Plusieurs enfants de l’orphelinat Hakuna Matata, ont fait l’objet de viols (attouchement sexuels), de la part du mari de la directrice dudit orphelinat. L’affaire a crée l’émoi au sein de l’opinion, et le présumé violeur est mis aux arrêts selon plusieurs sources.
Le jeudi 31 mars 2022, dans l’après-midi, la paisibilité de l’Orphelinat Hakuna MATATA a été perturbée par des échauffourées laissant entendre des accusations d’agressions sexuelles contre Monsieur N.L.C. Interpellée par les échauffements, la fondatrice de l’Orphelinat, Madame Laurence Rouyer a immédiatement tenté de comprendre les faits en interrogeant les personnes sur place y compris Monsieur N.L.C. Soucieuse de la sécurité des enfants, Madame Laurence et les autres collaborateurs de l’orphelinat ont entrepris d’éclaircir la situation de la façon la plus stricte et prompte. Il a été procédé à une écoute des enfants qui dans un premier temps, étaient effrayés et réticents à l’idée de parler. Après plusieurs minutes d’hésitation, l’une d’elle, encouragée par d’autres enfants, est sortie de son silence et a confirmé les allégations. Cet acte de bravoure a déterminé d’autres enfants à dénoncer la violence dont ils ont été victimes.
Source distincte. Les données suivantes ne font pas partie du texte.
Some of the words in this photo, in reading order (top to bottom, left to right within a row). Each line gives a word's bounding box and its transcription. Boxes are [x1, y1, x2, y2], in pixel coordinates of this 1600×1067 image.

L’administration de l’orphelinat a immédiatement entrepris une série de démarches judiciaires et administratives pour sécuriser les enfants et placer Monsieur N.L.C entre les mains de la justice guinéenne. Dès ce moment, une plainte a été déposée par les soins de la fondatrice de l’orphelinat. Monsieur N.L.C est à l’heure actuelle en détention grâce à un mandat de dépôt délivré le 01 avril 2022 à 16 heures par le Tribunal de Mafanko.
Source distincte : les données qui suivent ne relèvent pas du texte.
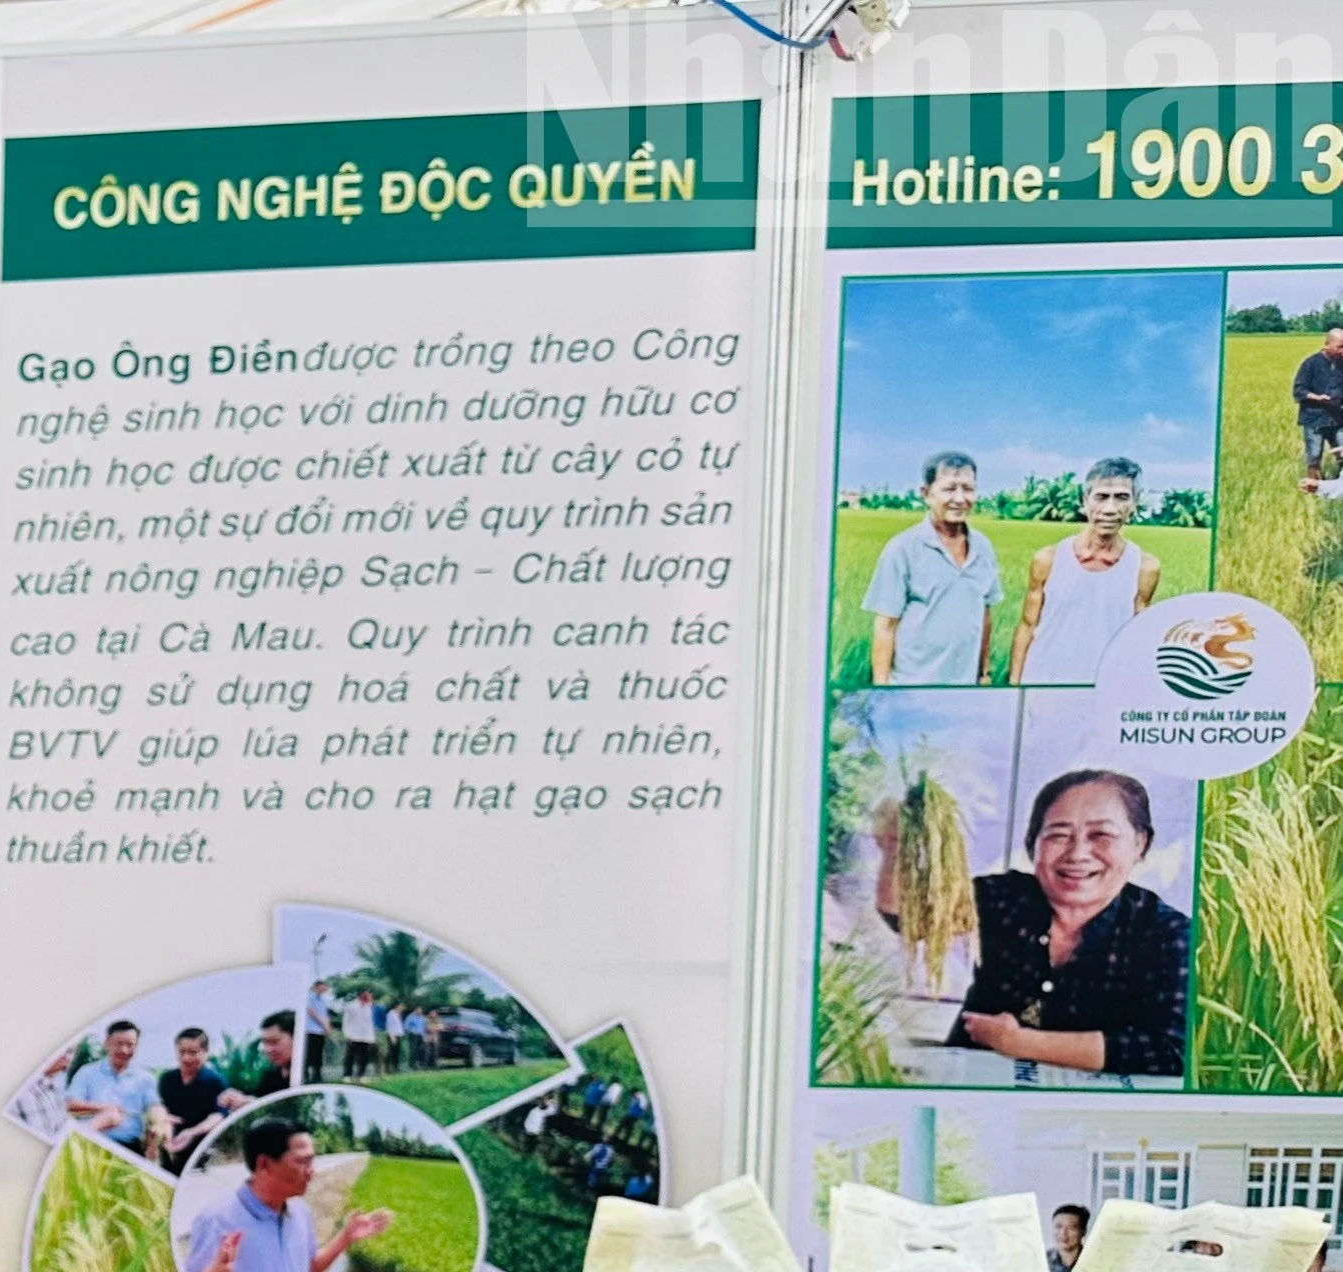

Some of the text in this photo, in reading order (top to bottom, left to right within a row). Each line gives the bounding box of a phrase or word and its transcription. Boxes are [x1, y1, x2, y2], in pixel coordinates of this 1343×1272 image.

[53, 140, 697, 232] CÔNG NGHỆ ĐỘC QUYỀN
[852, 122, 1343, 208] Hotline: 1900 3
[18, 353, 96, 388] Gạo
[112, 341, 190, 384] Ông
[529, 333, 615, 364] theo
[633, 328, 739, 366] Công
[17, 404, 110, 444] nghệ
[122, 403, 201, 433] sinh
[215, 400, 284, 434] học
[300, 395, 356, 426] với
[367, 392, 447, 425] dinh
[463, 389, 586, 426] dưỡng
[690, 388, 741, 415] cơ
[15, 436, 741, 492] sinh học được chiết xuất từ cây cỏ tự
[14, 511, 125, 545] nhiên,
[138, 508, 211, 544] một
[219, 508, 268, 542] sự
[275, 496, 333, 536] đổi
[480, 504, 553, 537] quy
[563, 496, 650, 529] trình
[661, 490, 733, 527] sản
[12, 547, 731, 599] xuất nông nghiệp Sạch Chất lượng
[9, 612, 731, 660] cao tại Cà Mau. Quy trình canh tác
[9, 664, 728, 715] không sử dụng hoá chất và thuốc
[8, 716, 721, 767] BVTV giúp lúa phát triển tự nhiên,
[1120, 727, 1286, 744] MISUN GROUP
[6, 779, 723, 818] khoẻ mạnh và cho ra hạt gạo sạch
[116, 829, 213, 864] khiết.
En matière de VBG, la priorité consiste à s’assurer que les démarches nécessaires à la sécurité des victimes et à l’arrestation du présumé coupable sont effectuées. (…..) Par ce communiqué, l’Orphelinat rétablit la réalité des faits et exhorte les autorités judiciaires, la société civile, les organismes de presse et toute la communauté guinéenne à respecter le droit à l’image des enfants, consacré par l’article 22 ainsi que par les articles 419 à 432 du code de l’enfant Guinéen. Toute personne qui divulguera l’identité des enfants sera poursuivie conformément aux dispositions précitées. En outre, pour éviter la désinformation, toutes les données concernant l’affaire seront accessibles en temps propices sur les différents canaux officiels de communication de l’ORPHELINAT.
L’Orphelinat Hakuna MATATA conscient de la gravité de la situation se désolidarise de Monsieur N.L.C déjà en détention, et s’engage à coopérer avec la justice, comme elle le fait depuis le départ, et ce pour toute la durée de la procédure judiciaire.